▸ SOURCE MATERIAL
######

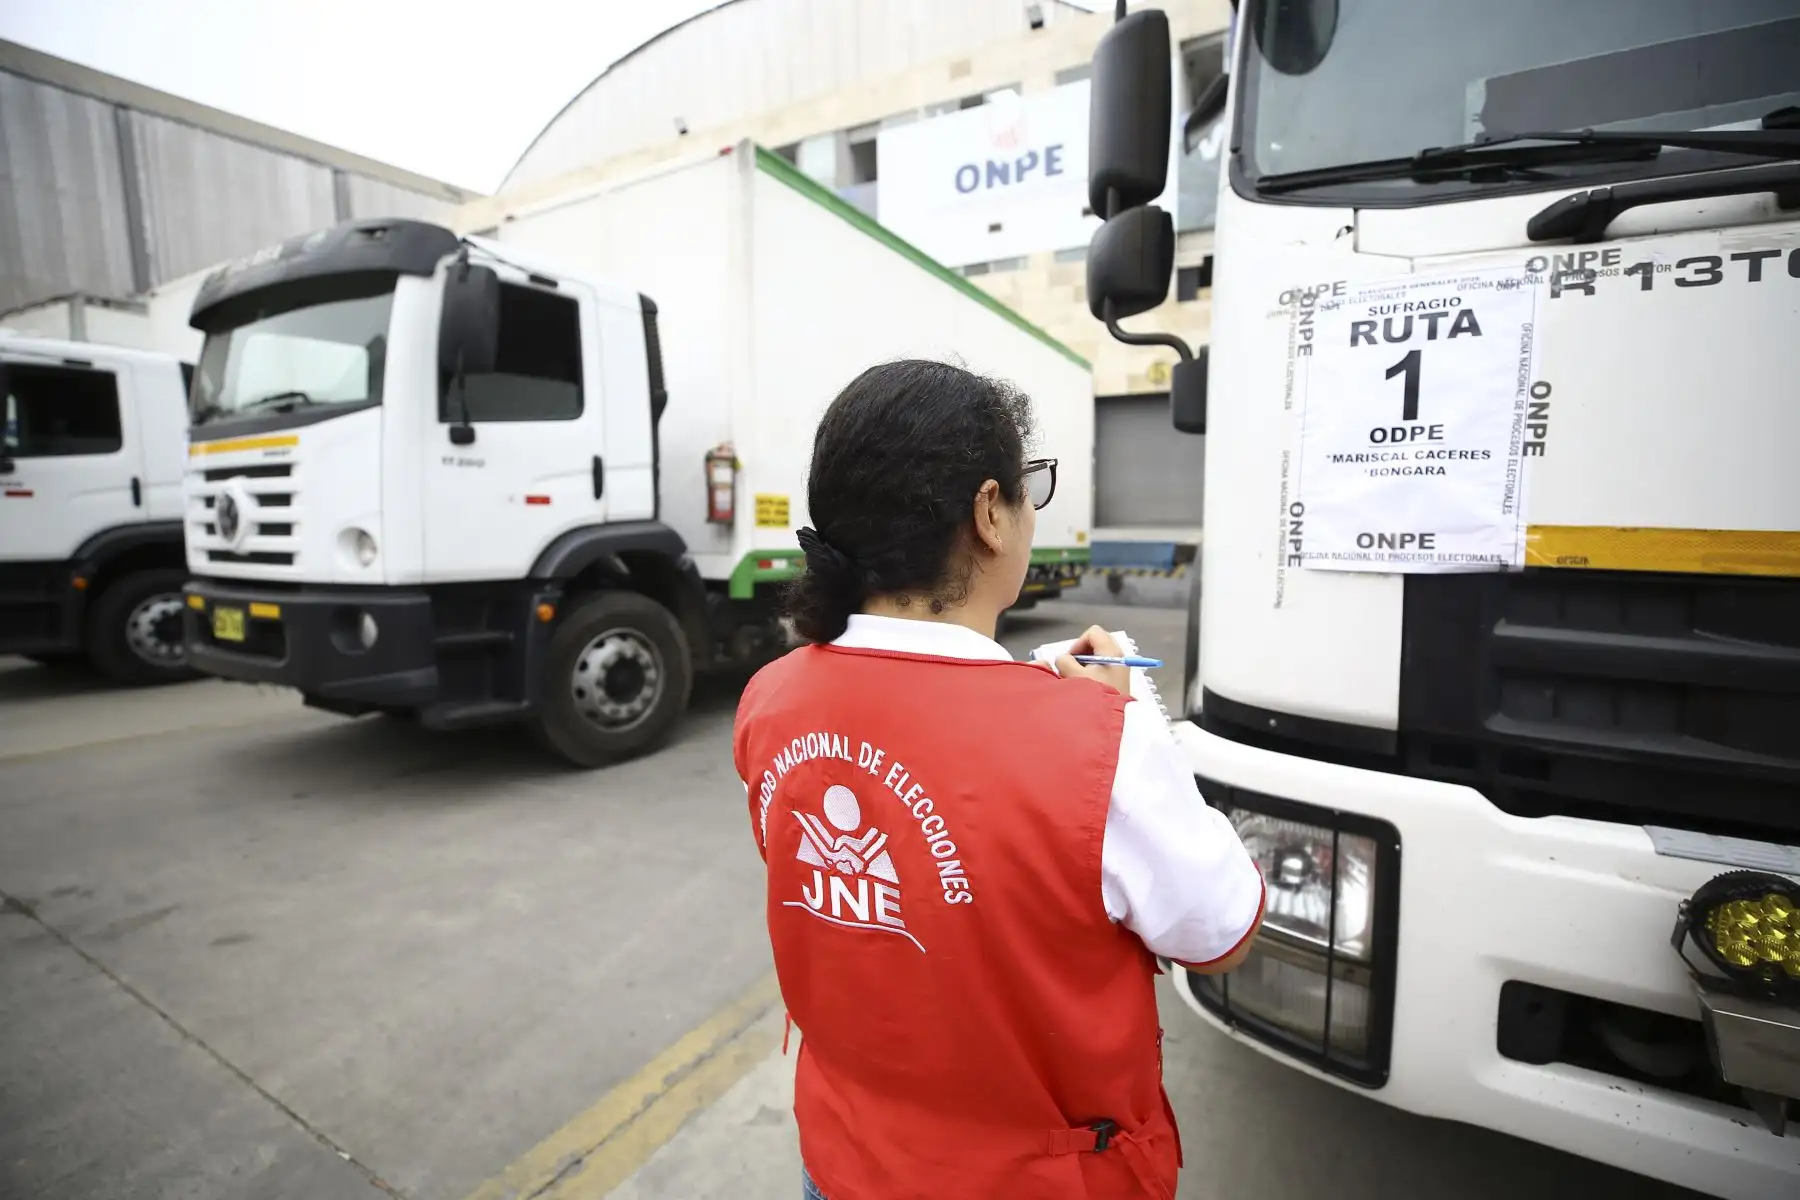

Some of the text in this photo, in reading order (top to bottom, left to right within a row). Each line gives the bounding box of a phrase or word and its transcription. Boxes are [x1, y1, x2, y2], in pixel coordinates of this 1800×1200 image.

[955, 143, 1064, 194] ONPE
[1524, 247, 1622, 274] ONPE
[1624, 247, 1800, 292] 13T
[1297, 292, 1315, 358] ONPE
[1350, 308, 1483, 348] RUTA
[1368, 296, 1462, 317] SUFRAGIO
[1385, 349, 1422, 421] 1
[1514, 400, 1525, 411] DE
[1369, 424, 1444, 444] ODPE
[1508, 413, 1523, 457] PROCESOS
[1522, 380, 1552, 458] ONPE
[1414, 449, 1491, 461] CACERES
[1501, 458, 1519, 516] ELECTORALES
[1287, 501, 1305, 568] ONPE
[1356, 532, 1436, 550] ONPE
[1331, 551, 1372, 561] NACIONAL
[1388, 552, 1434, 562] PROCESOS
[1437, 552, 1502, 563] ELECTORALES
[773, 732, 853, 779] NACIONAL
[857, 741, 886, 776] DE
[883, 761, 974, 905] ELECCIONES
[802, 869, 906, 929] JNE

######

▸ HOW TO COMPLETE THIS TASK
The reply has to reproduce every line above verbatim and contain no pictures.

▸ SOLUTION TO THE EXERCISE
Some of the text in this photo, in reading order (top to bottom, left to right within a row). Each line gives the bounding box of a phrase or word and its transcription. Boxes are [x1, y1, x2, y2], in pixel coordinates of this 1800×1200 image.

[955, 143, 1064, 194] ONPE
[1524, 247, 1622, 274] ONPE
[1624, 247, 1800, 292] 13T
[1297, 292, 1315, 358] ONPE
[1350, 308, 1483, 348] RUTA
[1368, 296, 1462, 317] SUFRAGIO
[1385, 349, 1422, 421] 1
[1514, 400, 1525, 411] DE
[1369, 424, 1444, 444] ODPE
[1508, 413, 1523, 457] PROCESOS
[1522, 380, 1552, 458] ONPE
[1414, 449, 1491, 461] CACERES
[1501, 458, 1519, 516] ELECTORALES
[1287, 501, 1305, 568] ONPE
[1356, 532, 1436, 550] ONPE
[1331, 551, 1372, 561] NACIONAL
[1388, 552, 1434, 562] PROCESOS
[1437, 552, 1502, 563] ELECTORALES
[773, 732, 853, 779] NACIONAL
[857, 741, 886, 776] DE
[883, 761, 974, 905] ELECCIONES
[802, 869, 906, 929] JNE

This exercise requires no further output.